Comment réussir sa démarche d’intelligence collective massive ?

Collaboration, co-construction, engagement des collaborateurs : de nouvelles manières de travailler et d’impliquer les équipes fleurissent dans les organisations. Une tendance qui correspond à une attente forte des salariés de se sentir acteurs et partie prenante effective de la stratégie de la structure à laquelle ils appartiennent.

Comme l’énonce Stéphane Boullay, Directeur de la Transformation et de l’Immobilier du Crédit Agricole Toulouse 31 : “La réussite de la mise en œuvre d’une participation collective à la construction d’un futur commun ne se décrète pas et passe par des pré-requis pouvant parfois être longs à mettre en place.Alors, comment réussir une consultation d’intelligence collective massive ? Martin Duval, co-fondateur de bluenove, pose la question à Stéphane Boullay.

Martin Duval : Quel est le rôle des dirigeants dans la mise en place d’une démarche d’intelligence Collective ?

Stéphane Boullay : Pour arriver à un résultat concret en matière d’intelligence collective massive, les dirigeants ont un véritable rôle clé. En effet, construire l’avenir de son organisation à plusieurs centaines ou plusieurs milliers ne se décrète pas, mais provient d’une démarche préalable, déjà engagée en amont, parfois depuis plusieurs années. Il convient par ailleurs que les dirigeants soient alignés sur le bien-fondé d’une démarche d’intelligence collective : cette dernière doit donc être partagée, acceptée, soutenue et promue par les dirigeants de l’entreprise. Cela entraîne des conséquences non neutres sur l’organisation, puisque que cela remet en cause la verticalité habituelle des décisions et du fonctionnement de celle-ci. Dès lors, ce « lâcher prise » à opérer pour les dirigeants quant à la construction de la stratégie future de l’organisation doit à mon sens s’opérer en plusieurs étapes.

M.D : Comment fédérer l’ensemble des parties prenantes d’une entreprise autour de cette démarche ?

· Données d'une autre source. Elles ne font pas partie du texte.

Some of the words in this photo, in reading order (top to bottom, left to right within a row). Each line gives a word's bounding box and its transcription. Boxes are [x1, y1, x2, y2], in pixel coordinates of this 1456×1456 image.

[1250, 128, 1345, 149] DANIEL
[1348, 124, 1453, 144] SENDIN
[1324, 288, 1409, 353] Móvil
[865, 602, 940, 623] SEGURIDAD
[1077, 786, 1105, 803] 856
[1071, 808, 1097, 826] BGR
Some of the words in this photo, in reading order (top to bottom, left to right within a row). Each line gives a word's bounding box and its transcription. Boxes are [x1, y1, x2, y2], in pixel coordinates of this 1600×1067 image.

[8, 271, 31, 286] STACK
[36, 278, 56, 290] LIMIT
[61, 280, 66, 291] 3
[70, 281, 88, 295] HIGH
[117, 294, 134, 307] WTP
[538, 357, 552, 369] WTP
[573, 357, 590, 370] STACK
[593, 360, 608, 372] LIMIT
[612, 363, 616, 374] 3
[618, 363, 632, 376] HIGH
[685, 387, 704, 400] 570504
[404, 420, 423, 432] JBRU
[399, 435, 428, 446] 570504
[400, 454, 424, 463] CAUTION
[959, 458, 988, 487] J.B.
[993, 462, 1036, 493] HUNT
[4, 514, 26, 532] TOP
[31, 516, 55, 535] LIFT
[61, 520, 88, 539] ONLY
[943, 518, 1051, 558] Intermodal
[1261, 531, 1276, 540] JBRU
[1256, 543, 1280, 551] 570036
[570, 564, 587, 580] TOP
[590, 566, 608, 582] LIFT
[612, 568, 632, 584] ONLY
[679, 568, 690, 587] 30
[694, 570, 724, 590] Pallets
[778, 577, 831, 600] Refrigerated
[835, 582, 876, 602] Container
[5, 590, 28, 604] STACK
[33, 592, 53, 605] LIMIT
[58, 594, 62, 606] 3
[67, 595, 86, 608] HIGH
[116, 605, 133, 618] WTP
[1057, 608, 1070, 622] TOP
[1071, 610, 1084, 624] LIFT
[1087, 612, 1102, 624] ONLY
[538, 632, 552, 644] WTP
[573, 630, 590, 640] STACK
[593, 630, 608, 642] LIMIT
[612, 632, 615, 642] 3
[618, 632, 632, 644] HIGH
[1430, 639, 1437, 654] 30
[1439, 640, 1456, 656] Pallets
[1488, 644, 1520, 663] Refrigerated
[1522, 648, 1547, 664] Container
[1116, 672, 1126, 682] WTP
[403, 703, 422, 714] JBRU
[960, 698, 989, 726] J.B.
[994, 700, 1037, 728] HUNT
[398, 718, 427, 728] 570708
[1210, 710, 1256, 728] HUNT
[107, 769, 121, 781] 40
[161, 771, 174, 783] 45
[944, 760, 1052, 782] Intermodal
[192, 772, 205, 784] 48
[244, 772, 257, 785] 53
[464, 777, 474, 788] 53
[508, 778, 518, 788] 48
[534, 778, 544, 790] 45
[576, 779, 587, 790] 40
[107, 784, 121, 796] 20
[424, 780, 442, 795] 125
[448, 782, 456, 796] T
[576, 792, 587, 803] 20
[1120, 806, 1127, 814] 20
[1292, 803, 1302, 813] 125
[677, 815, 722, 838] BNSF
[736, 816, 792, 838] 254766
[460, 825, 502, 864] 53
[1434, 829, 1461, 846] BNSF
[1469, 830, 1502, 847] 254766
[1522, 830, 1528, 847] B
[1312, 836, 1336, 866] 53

S.B : Tout d’abord, cette démarche doit s’appuyer sur les dirigeants, qui doivent porter le sens de la transformation auprès de leurs co-équipiers. Ainsi, le message de la mise en place d’une démarche d’intelligence collective doit être porté par la Direction Générale, mais également d’une voix unanime par tous les membres du Comité de Direction. Il doit aussi être diffusé, répété, affiné, adapté selon les publics dans la durée pour faciliter la compréhension et l’adhésion de tous. Enfin, il doit embarquer le management supérieur et intermédiaire qui pourrait se sentir dépossédé d’attributions, qui par le passé lui étaient confiées et qui pourrait craindre une désorganisation de leurs activités. Ce dernier point est à mon sens le plus délicat à traiter. En effet, il nécessite de la pédagogie, des temps d’échanges individuels et collectifs entre les dirigeants et le management pour organiser le fonctionnement d’une démarche d’intelligence collective, sans perturber les activités des services ou entités. Au final, cela nécessite davantage de planification dans le fonctionnement des équipes et des engagements des participants aux projets collectifs.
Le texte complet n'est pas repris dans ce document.